RECORDS:
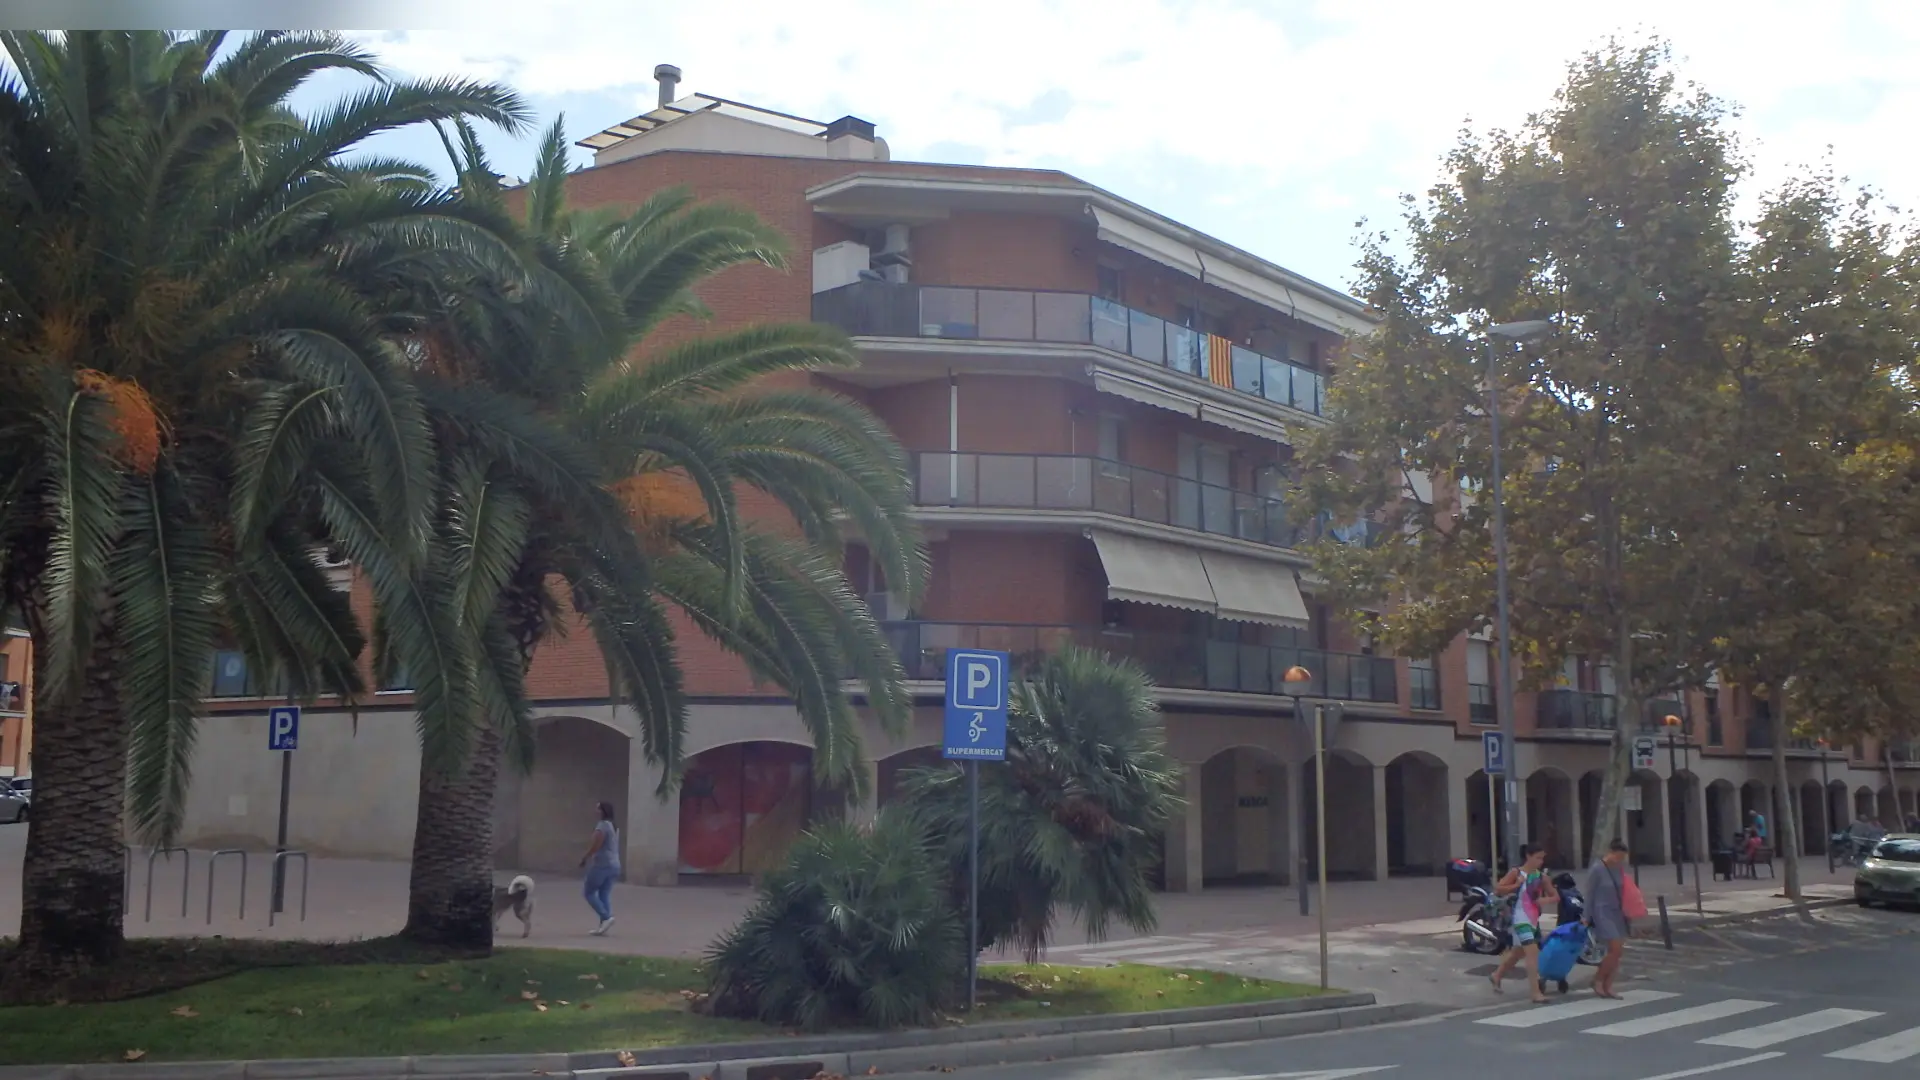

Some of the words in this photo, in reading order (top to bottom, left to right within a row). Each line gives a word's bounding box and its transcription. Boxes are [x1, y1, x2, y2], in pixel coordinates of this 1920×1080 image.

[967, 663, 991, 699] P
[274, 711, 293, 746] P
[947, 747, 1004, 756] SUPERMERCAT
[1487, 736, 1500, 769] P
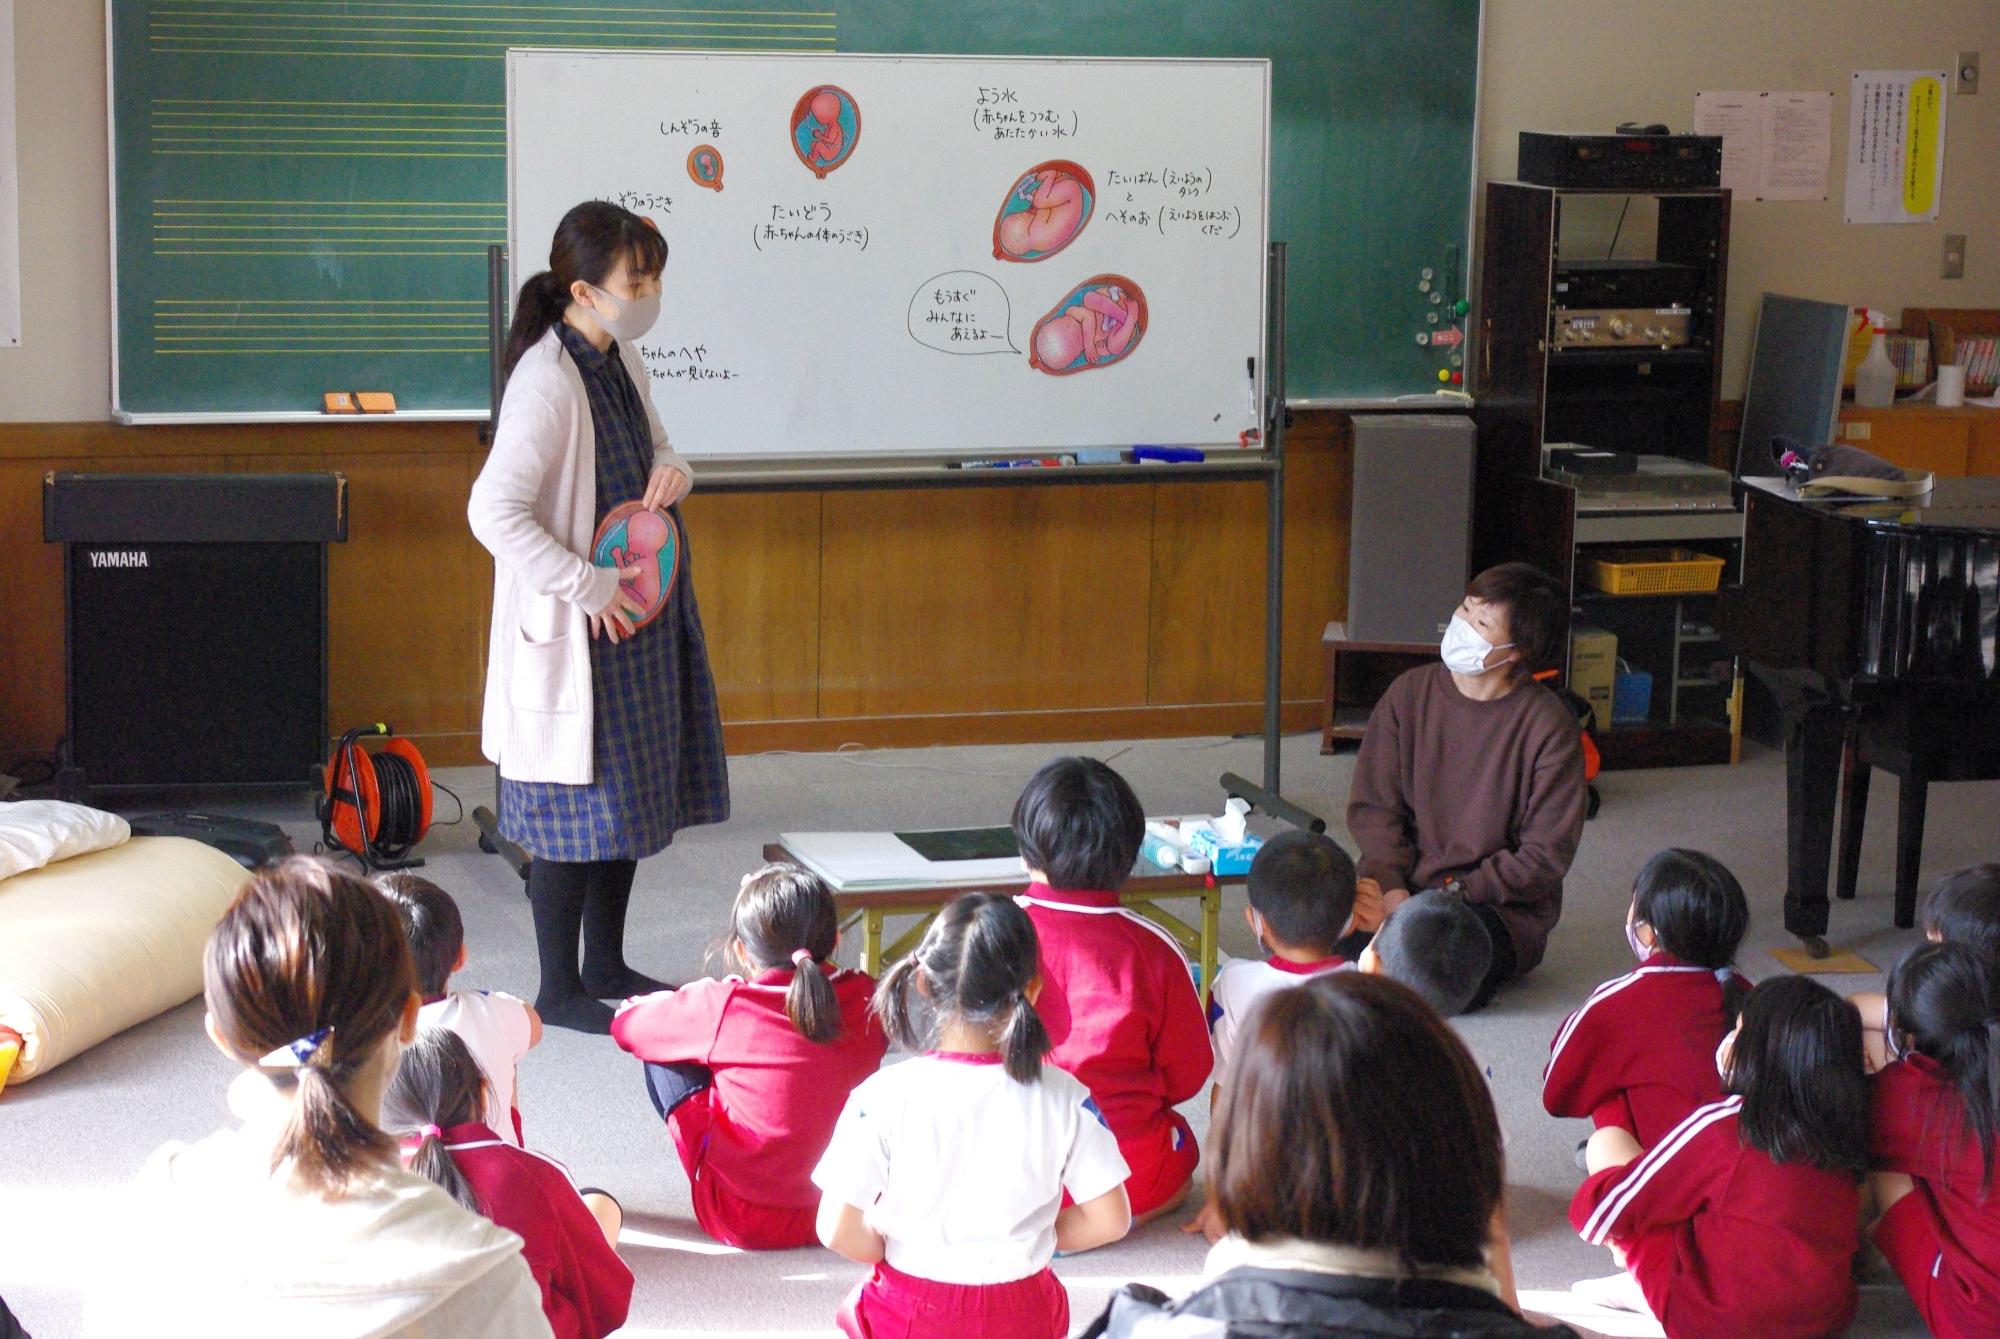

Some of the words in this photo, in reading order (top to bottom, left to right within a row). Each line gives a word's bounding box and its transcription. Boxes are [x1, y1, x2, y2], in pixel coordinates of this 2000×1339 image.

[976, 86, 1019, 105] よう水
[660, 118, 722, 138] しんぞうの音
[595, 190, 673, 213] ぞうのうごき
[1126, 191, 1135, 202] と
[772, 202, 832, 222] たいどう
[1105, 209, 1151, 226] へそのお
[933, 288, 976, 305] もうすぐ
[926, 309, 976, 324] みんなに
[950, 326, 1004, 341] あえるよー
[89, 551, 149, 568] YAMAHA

WHAT IS BEING ASKED: Copy all records exactly; omit images.

RESPONSE TO THIS EXERCISE:
Some of the words in this photo, in reading order (top to bottom, left to right within a row). Each line gives a word's bounding box and its transcription. Boxes are [x1, y1, x2, y2], in pixel coordinates of this 1920×1080 image.

[967, 663, 991, 699] P
[274, 711, 293, 746] P
[947, 747, 1004, 756] SUPERMERCAT
[1487, 736, 1500, 769] P

Some of the words in this photo, in reading order (top to bottom, left to right within a row). Each line gives a word's bounding box and its transcription. Boxes are [x1, y1, x2, y2], in pixel coordinates of this 2000×1339 image.

[976, 86, 1019, 105] よう水
[660, 118, 722, 138] しんぞうの音
[595, 190, 673, 213] ぞうのうごき
[1126, 191, 1135, 202] と
[772, 202, 832, 222] たいどう
[1105, 209, 1151, 226] へそのお
[933, 288, 976, 305] もうすぐ
[926, 309, 976, 324] みんなに
[950, 326, 1004, 341] あえるよー
[89, 551, 149, 568] YAMAHA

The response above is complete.